Collected data -
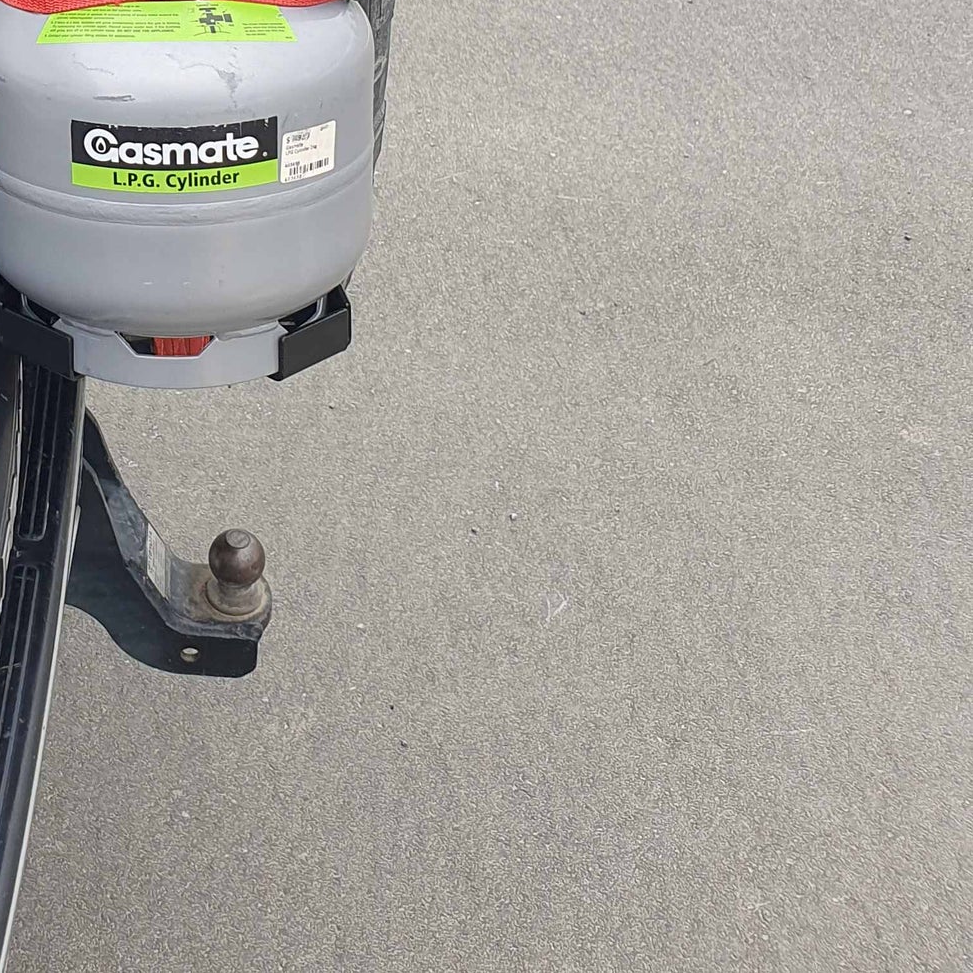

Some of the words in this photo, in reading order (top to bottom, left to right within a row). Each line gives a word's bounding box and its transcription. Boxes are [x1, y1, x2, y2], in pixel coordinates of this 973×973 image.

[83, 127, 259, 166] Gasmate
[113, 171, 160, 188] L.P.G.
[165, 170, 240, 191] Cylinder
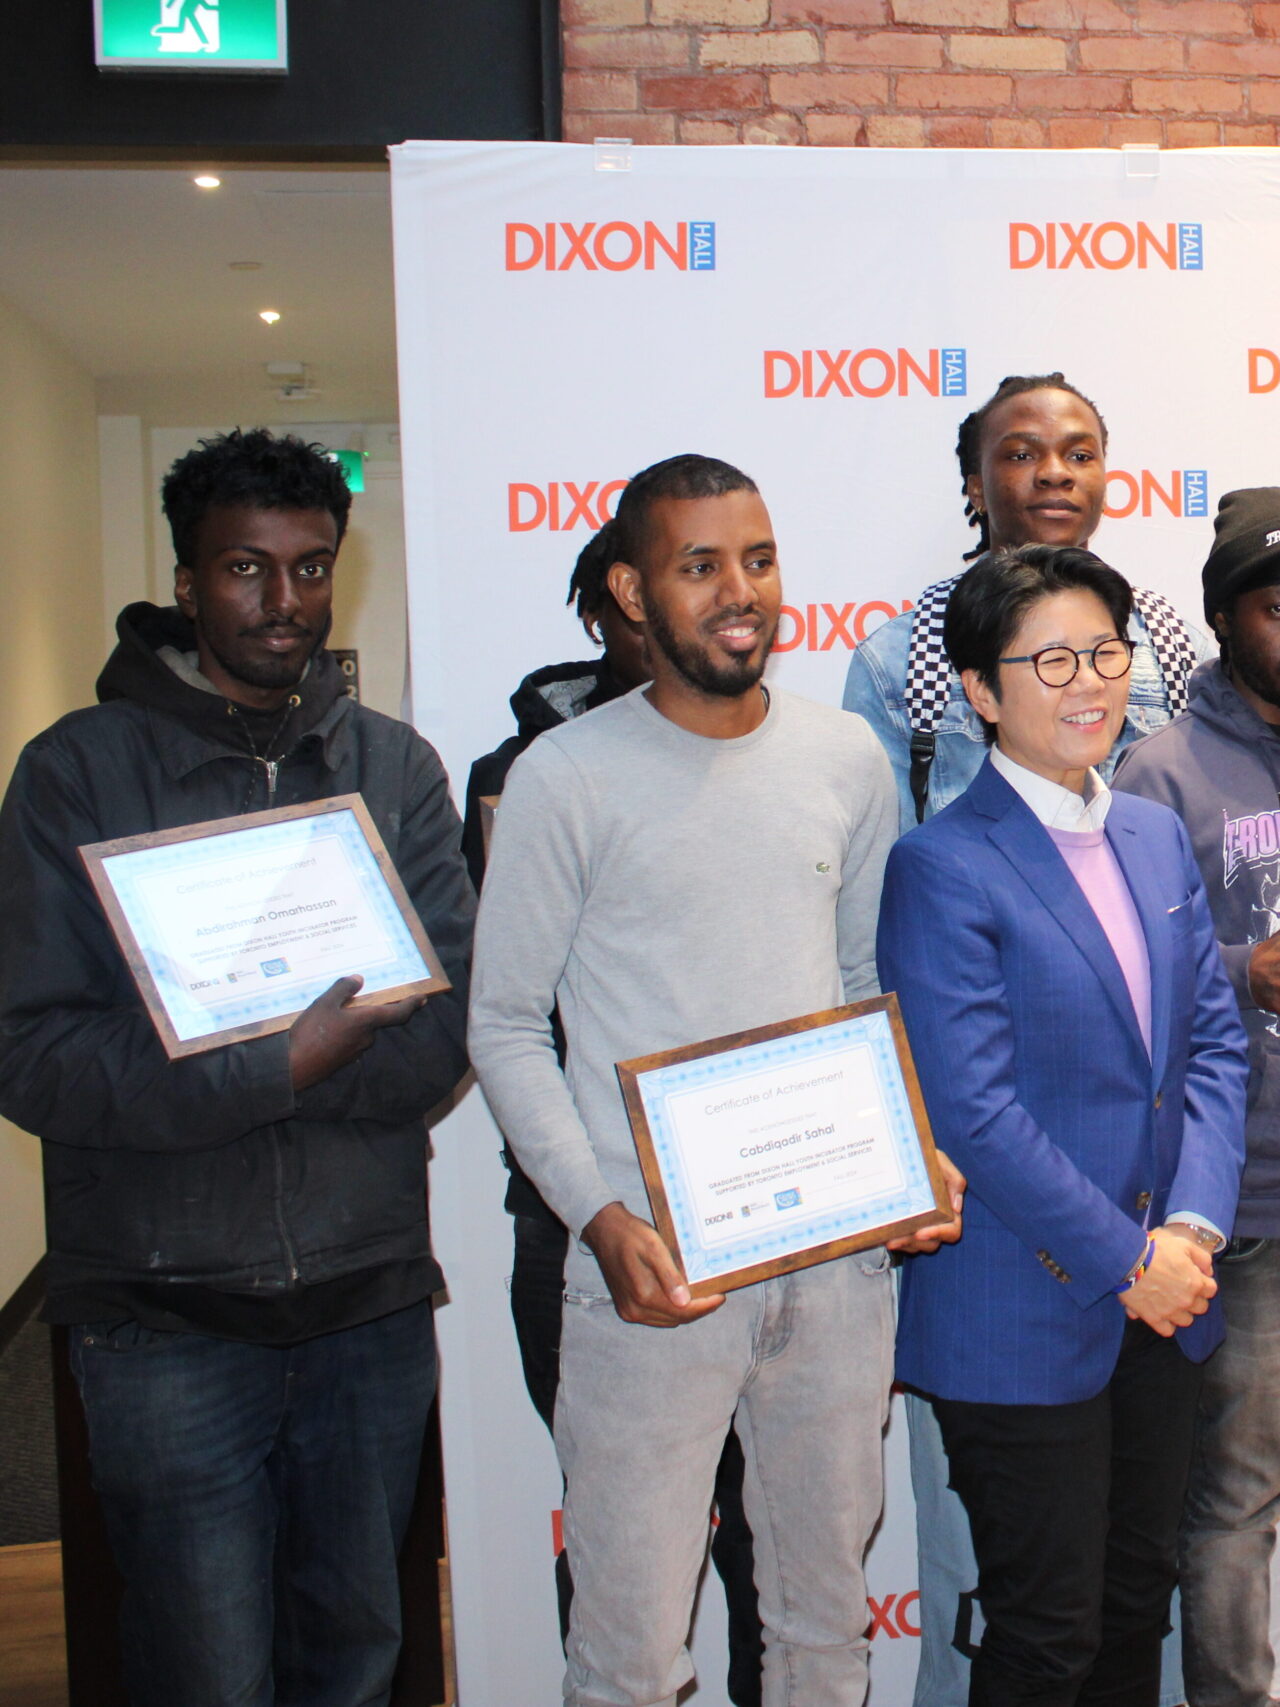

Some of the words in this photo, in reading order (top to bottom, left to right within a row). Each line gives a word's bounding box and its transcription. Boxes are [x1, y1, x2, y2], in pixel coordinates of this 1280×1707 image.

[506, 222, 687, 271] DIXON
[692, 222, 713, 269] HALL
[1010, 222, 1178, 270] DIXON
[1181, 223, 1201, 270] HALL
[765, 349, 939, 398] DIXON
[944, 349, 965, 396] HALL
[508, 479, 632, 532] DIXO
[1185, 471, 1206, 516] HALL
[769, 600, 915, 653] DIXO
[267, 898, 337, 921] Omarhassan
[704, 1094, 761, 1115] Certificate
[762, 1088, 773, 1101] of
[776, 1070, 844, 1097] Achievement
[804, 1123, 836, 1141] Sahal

INSTRUCTIONS FOR THE TASK - Your copy of the records must match them exactly, except that no pictures appear in it.

THE COMPLETED TASK -
Some of the words in this photo, in reading order (top to bottom, left to right within a row). Each line gives a word's bounding box and its transcription. Boxes are [x1, y1, x2, y2], in pixel coordinates of this 973×973 image.

[83, 127, 259, 166] Gasmate
[113, 171, 160, 188] L.P.G.
[165, 170, 240, 191] Cylinder

Some of the words in this photo, in reading order (top to bottom, left to right within a row). Each line gives a word's bounding box and its transcription. Boxes are [x1, y1, x2, y2], in pixel coordinates of this 1280×1707 image.

[506, 222, 687, 271] DIXON
[692, 222, 713, 269] HALL
[1010, 222, 1178, 270] DIXON
[1181, 223, 1201, 270] HALL
[765, 349, 939, 398] DIXON
[944, 349, 965, 396] HALL
[508, 479, 632, 532] DIXO
[1185, 471, 1206, 516] HALL
[769, 600, 915, 653] DIXO
[267, 898, 337, 921] Omarhassan
[704, 1094, 761, 1115] Certificate
[762, 1088, 773, 1101] of
[776, 1070, 844, 1097] Achievement
[804, 1123, 836, 1141] Sahal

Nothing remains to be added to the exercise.